Pedro, cabeza de la Iglesia

    Pedro, cabeza de la Iglesia

    Aguas arriba, casi donde el Jordán empieza a ser río al pie del nevado Hermón, está Cesárea de Filipo en la región de Iturea.

    Por aquí vino Jesús con sus Apóstoles. Después de hacer oración a solas, les preguntó mientras hacían camino:

    - ¿Quién dice la gente que es el Hijo del Hombre?

    Ellos fueron dándole respuestas:

    - Unos dicen que eres Juan el Bautista; otros que Elías y otros, Jeremías o uno de los antiguos profetas que ha resucitado.
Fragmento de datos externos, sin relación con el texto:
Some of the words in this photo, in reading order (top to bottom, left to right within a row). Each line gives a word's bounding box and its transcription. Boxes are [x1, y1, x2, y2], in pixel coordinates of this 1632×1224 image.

    Jesús iba a hacer la pregunta definitiva. Por primera vez, según le respondieran, iba a declarar quién era de verdad. Les preguntó:

    - Y vosotros, ¿quién decís que soy yo?

    Simón Pedro se adelantó a los demás y contestó resueltamente:

    - Tú eres el Cristo, el Hijo de Dios vivo.
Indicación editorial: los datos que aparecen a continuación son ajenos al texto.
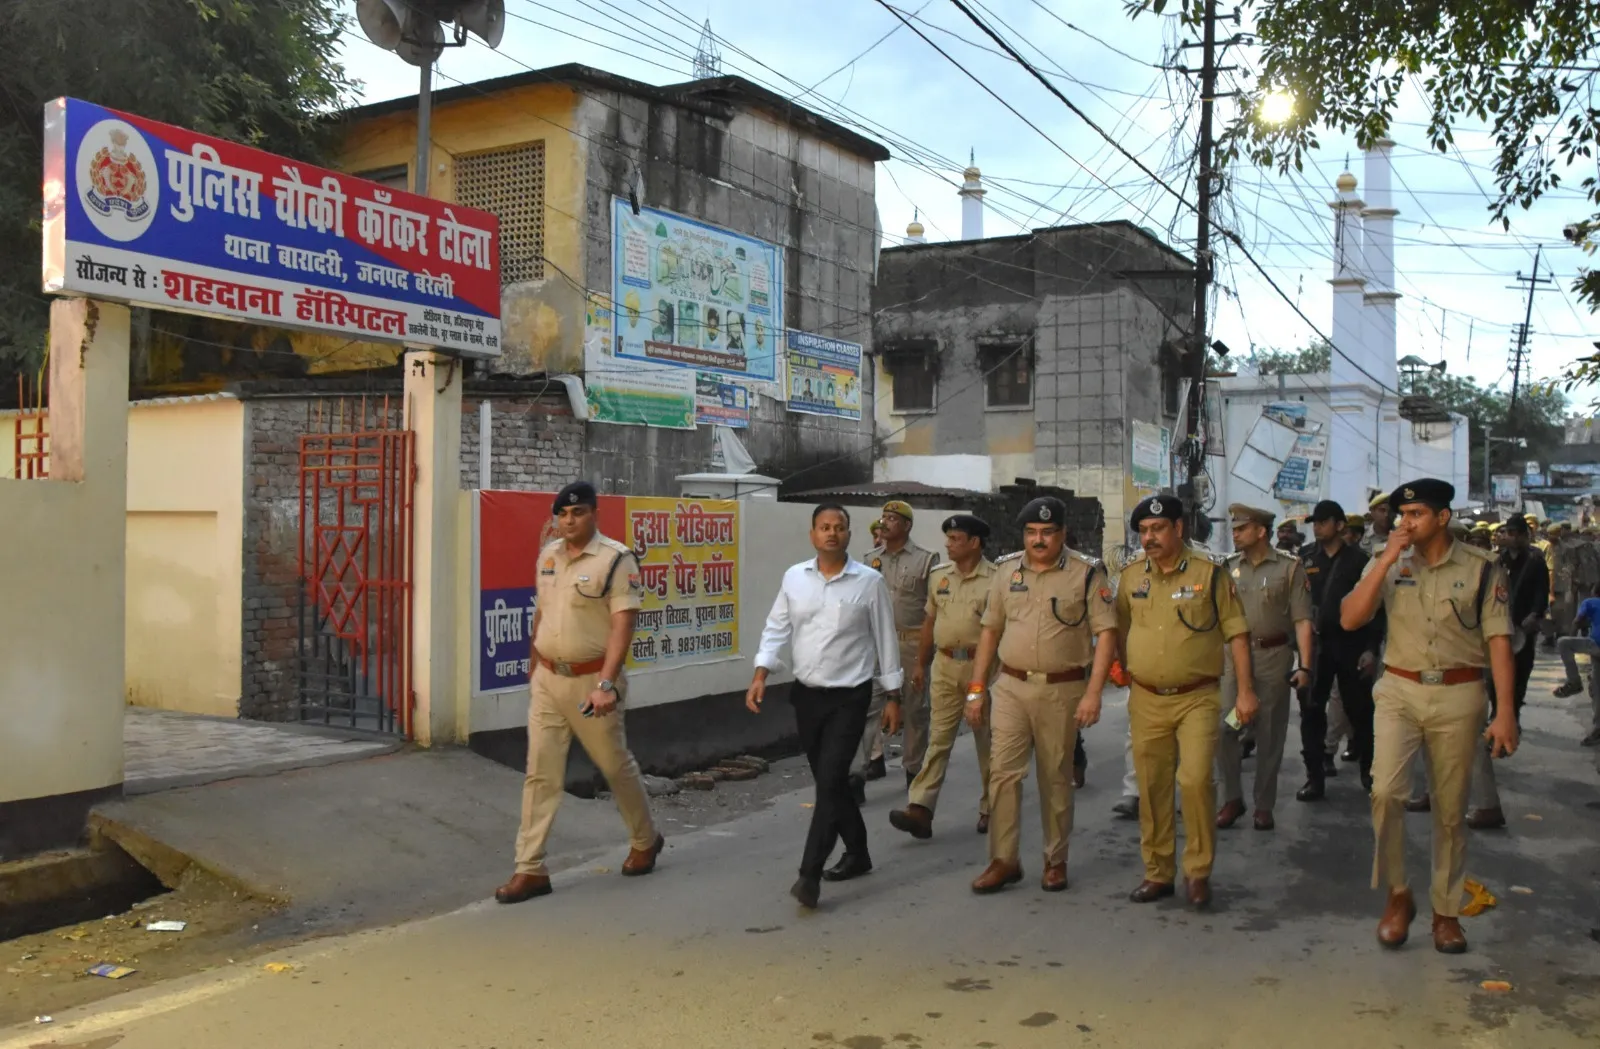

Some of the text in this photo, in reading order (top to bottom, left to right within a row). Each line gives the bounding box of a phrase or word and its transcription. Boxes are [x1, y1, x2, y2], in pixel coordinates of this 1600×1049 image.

[165, 142, 263, 222] पुलिस
[272, 165, 347, 238] चौकी
[436, 208, 492, 270] टोला
[224, 234, 455, 299] थाना बारादरी, जनपद बरेली
[76, 255, 128, 285] सौजन्य
[132, 264, 146, 289] से
[161, 270, 284, 316] शहदाना
[293, 287, 408, 335] हॉस्पिटल
[797, 334, 836, 352] INSPIRATION
[836, 343, 860, 357] CLASSES
[631, 502, 735, 557] दुआ मेडिकल
[702, 553, 734, 593] शॉप
[484, 598, 523, 658] पुलिस
[637, 603, 735, 631] गतपुर तिराहा, पुराना शहर
[632, 631, 733, 659] बरेली, मो. 9837467650
    Jesús no corrigió la respuesta de Simón, la aceptó como verdadera y le dijo:

    - Bienaventurado eres Simón, hijo de Juan, porque no te lo reveló la carne ni la sangre, ni tu cabeza ni tu corazón, sino mi Padre que está en los cielos. Y yo te digo que tú eres Pedro, y sobre esta piedra edificaré mi Iglesia; y las puertas del infierno no prevalecerán contra ella. Y a ti te daré las llaves del Reino de los cielos. Y todo lo que atares sobre la tierra, atado quedará en los cielos; y todo lo que desatares sobre la tierra, será también desatado en los cielos.

    Cuando acabó de decir estas cosas a Pedro exigió a sus Apóstoles que no dijeran a nadie que Él, Jesús, era el Cristo.

    (Mateo, 16, 13-20)





    (Texto adaptado por D. Samuel Valero. Biblia infantil. Editorial Alfredo Ortells, S.L. Valencia. página 198) 

    SUGERENCIAS METODOLÓGICAS

            Objetivo.- Pedir la fortaleza para manifestar nuestra fe.

          Contenido.- También a nosotros tiene el Señor derecho a pedirnos una clara confesión de fe -con palabras y con obras- en medio de un mundo en el que parece cosa normal la confusión, la ignorancia y el error. Mantenemos nosotros con Jesús un estrecho vínculo, que nació en el Bautismo y que ha crecido día a día. En este sacramento se estableció una íntima y profunda unión con Cristo, porque en Él recibimos su mismo Espíritu y fuimos elevados a la dignidad de hijos de Dios. Se trata de una comunión de vida mucho más profunda que la ue pudiera darse entre dos seres humanos cualesquiera. Así como la mano unida al cuerpo está llena de la corriente de vida que fluye de todo el cuerpo, de modo semejante el cristiano está lleno de la vida de Cristo. Él mismo nos enseñó, con una bella imagen, la forma en que estamos unidos a Él: Yo soy la vid; vosotros los sarmientos... Y es tan fuerte la unión a la que podemos llegar todos los cristianos, si luchamos por la santidad, que podemos llegar a decir: Vivo, pero no yo; es Cristo quien vive en mí. Esta cercanía con Jesucristo nos debe llenar de alegría, pues si somos parte viva del Cuerpo Místico de Cristo participamos en todo lo que Cristo realiza.

        (Fernández Carvajal, Francisco. Hablar con Dios. Tomo III. Página 393 y 394. Ediciones Palabra.)

         Actividades.- 

1. Leer en vos baja el texto y explicar el Contenido.
2.Contestar por escrito a estas cuestiones:
           
a) ¿Dónde está Cesárea de Filipo?
           
b) ¿Qué decía la gente sobre el Hijo de Dios?
           
c) ¿Qué dijo Simón Pedro?
           
d) ¿Por que Jesús llamo Pedro o piedra a Simón?
           
e) ¿Qué significan las llaves de Simón Pedro?
3. Varios alumnos leen las respuestas d) y e).